Türkiye’ye uygulanabilecek yaptırımlar
Türkiye’nin, AİHM’in verdiği ihlal kararını yerine getirmemesi halinde karşı karşıya kalabileceği olası yaptırımlara ilişkin ise Kanar, “Avrupa Konseyi’nin bu konuda iki türlü yaptırım hakkı vardır. Birincisi Türkiye’nin oy ve söz hakkının askıya alınması, ikincisi ise üyelikten çıkarılmasıdır. Oy ve söz hakkının askıya alınması daha önce Azerbaycan’a uygulandı. Bunun üzerine Azerbaycan uyguladığı politikadan geri adım atmak zorunda kaldı. Aynı karar Türkiye için de uygulanabilir” ifadelerini kullandı.
‘İmralı’daki tecride son verilmesi gerekir’

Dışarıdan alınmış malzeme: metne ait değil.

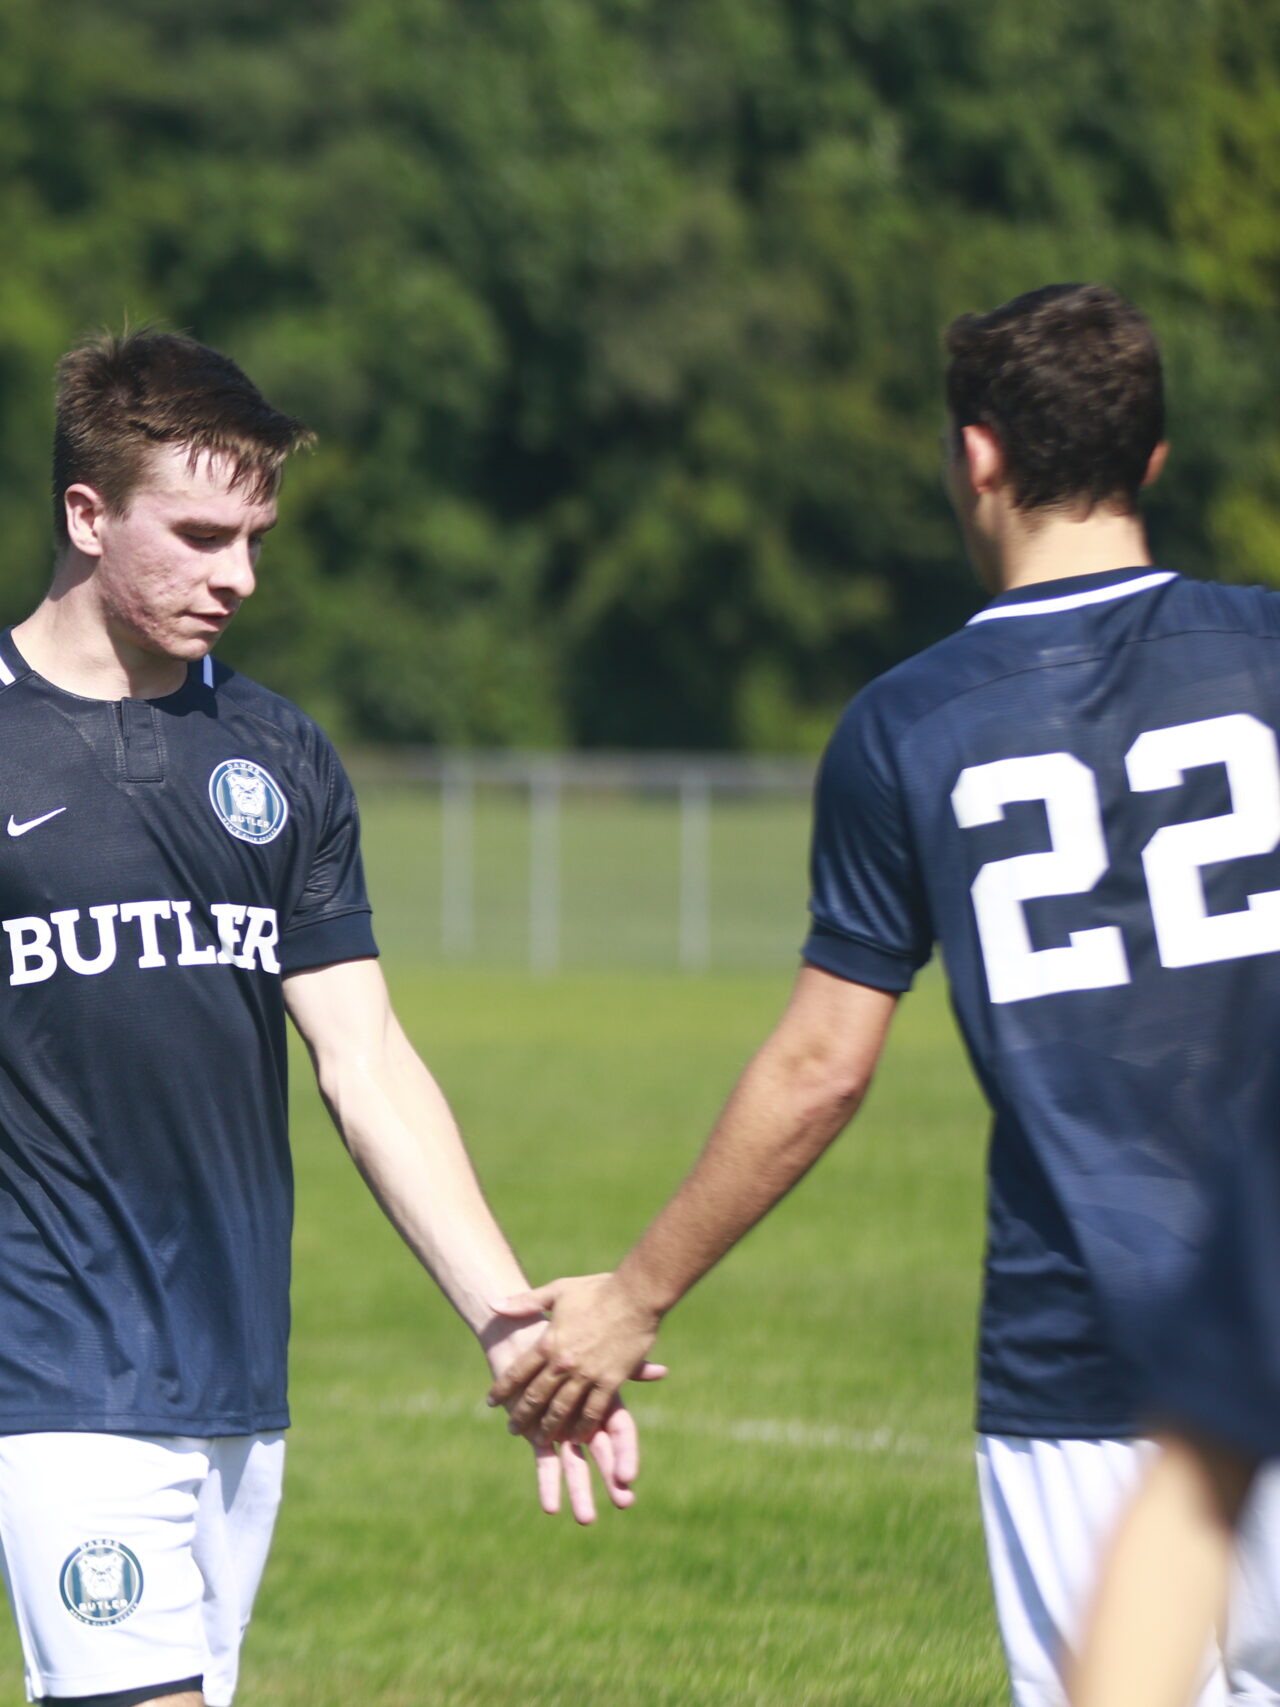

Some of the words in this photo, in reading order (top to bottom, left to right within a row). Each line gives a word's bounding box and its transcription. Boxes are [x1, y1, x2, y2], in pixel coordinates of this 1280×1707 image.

Komite’nin konjöktür gereği Türkiye’ye göz yumduğunu dile getiren Kanar, sözlerini şöyle sonlandırdı:
“Avrupa 25 senedir tarihinin en zayıf dönemini yaşıyor. Avrupa Konseyi Bakanlar Komitesi’nin AİHM kararlarının uygulanmasında büyük sorunlar ve aksaklıklar yaşanıyor. Bu durumun değişmesi gerekiyor. Avrupa Konseyi’nin geçte olsa ihlal kararını gündemine alması olumlu bir şey. Ama gündemine almasından ziyade vereceği karar daha önemli. Eğer AİHM doğrultusunda karar verirse, Türkiye’deki demokrasi mücadelesine bir katkı olur. Halkların barış içinde, eşit yaşamasına hizmet etmenin yolu açılır. Ölünceye kadar hapis cezası ayrımcı, ırkçı ve faşizan bir yasadır, bunun mevzuattan kaldırılması ve İmralı’daki tecride son verilmesi gerekir.”